Problem statement: Once the pictures are set aside, copy the records below exactly as they stand.

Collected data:

######

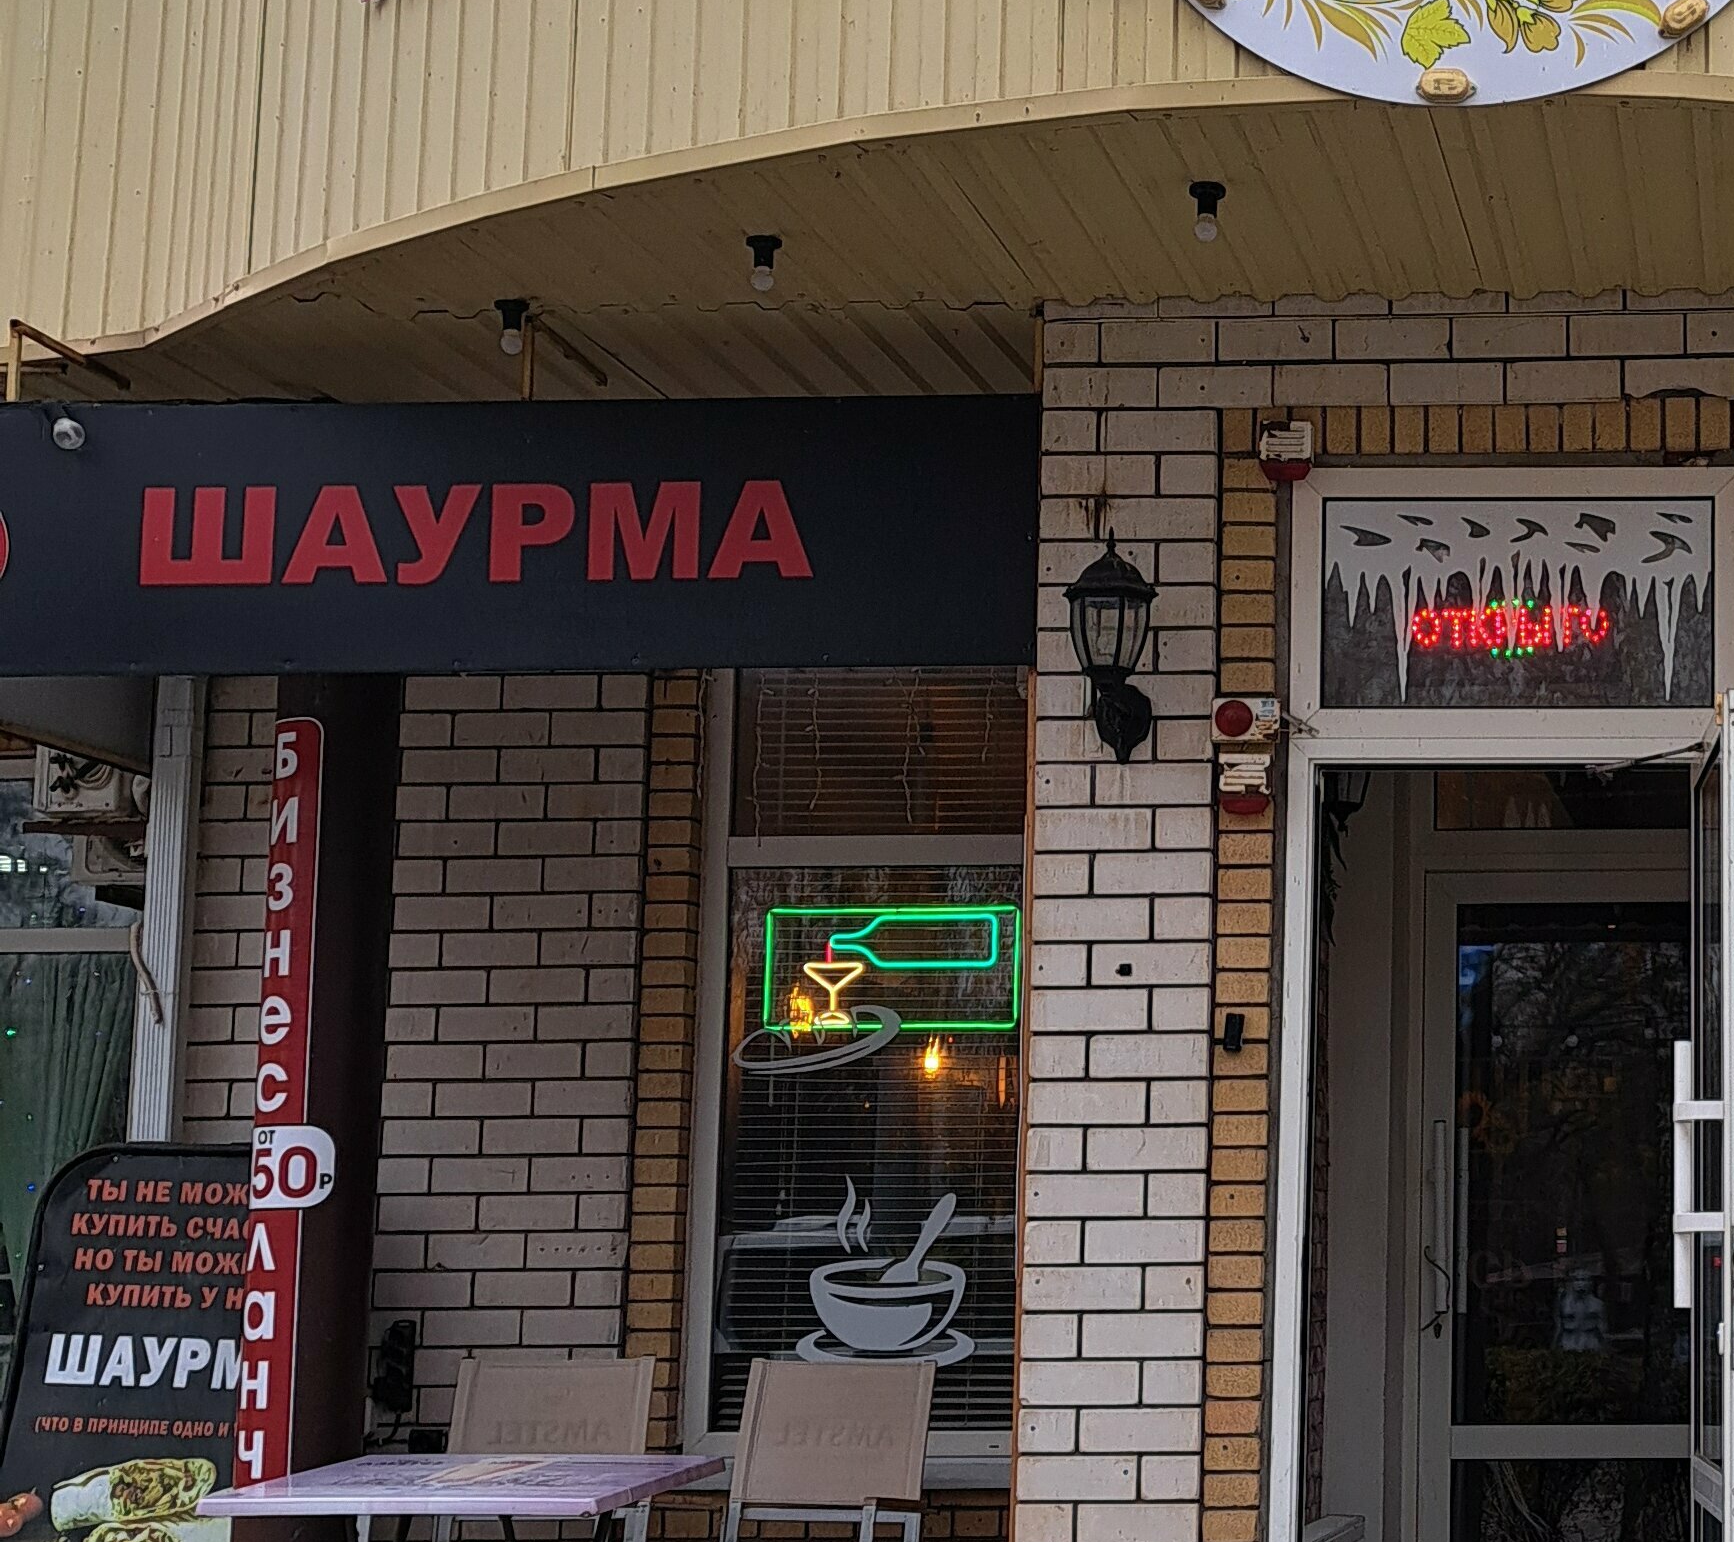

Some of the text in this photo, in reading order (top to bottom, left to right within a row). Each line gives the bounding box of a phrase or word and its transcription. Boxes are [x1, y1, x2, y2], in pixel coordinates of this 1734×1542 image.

[139, 479, 814, 586] ШАУРМА
[87, 1179, 249, 1205] ТЫ НЕ МОЖ
[71, 1213, 178, 1237] КУПИТЬ
[74, 1247, 246, 1275] НО ТЫ МОЖ
[86, 1283, 193, 1308] КУПИТЬ
[200, 1286, 219, 1309] У
[44, 1333, 243, 1390] ШАУРМ
[35, 1416, 69, 1433] (ЧТО
[73, 1417, 83, 1432] В
[87, 1417, 168, 1437] ПРИНЦИПЕ
[173, 1420, 213, 1438] ОДНО
[218, 1422, 229, 1438] И

######

The completed task:
Some of the text in this photo, in reading order (top to bottom, left to right within a row). Each line gives the bounding box of a phrase or word and its transcription. Boxes are [x1, y1, x2, y2], in pixel coordinates of this 1734×1542 image.

[139, 479, 814, 586] ШАУРМА
[87, 1179, 249, 1205] ТЫ НЕ МОЖ
[71, 1213, 178, 1237] КУПИТЬ
[74, 1247, 246, 1275] НО ТЫ МОЖ
[86, 1283, 193, 1308] КУПИТЬ
[200, 1286, 219, 1309] У
[44, 1333, 243, 1390] ШАУРМ
[35, 1416, 69, 1433] (ЧТО
[73, 1417, 83, 1432] В
[87, 1417, 168, 1437] ПРИНЦИПЕ
[173, 1420, 213, 1438] ОДНО
[218, 1422, 229, 1438] И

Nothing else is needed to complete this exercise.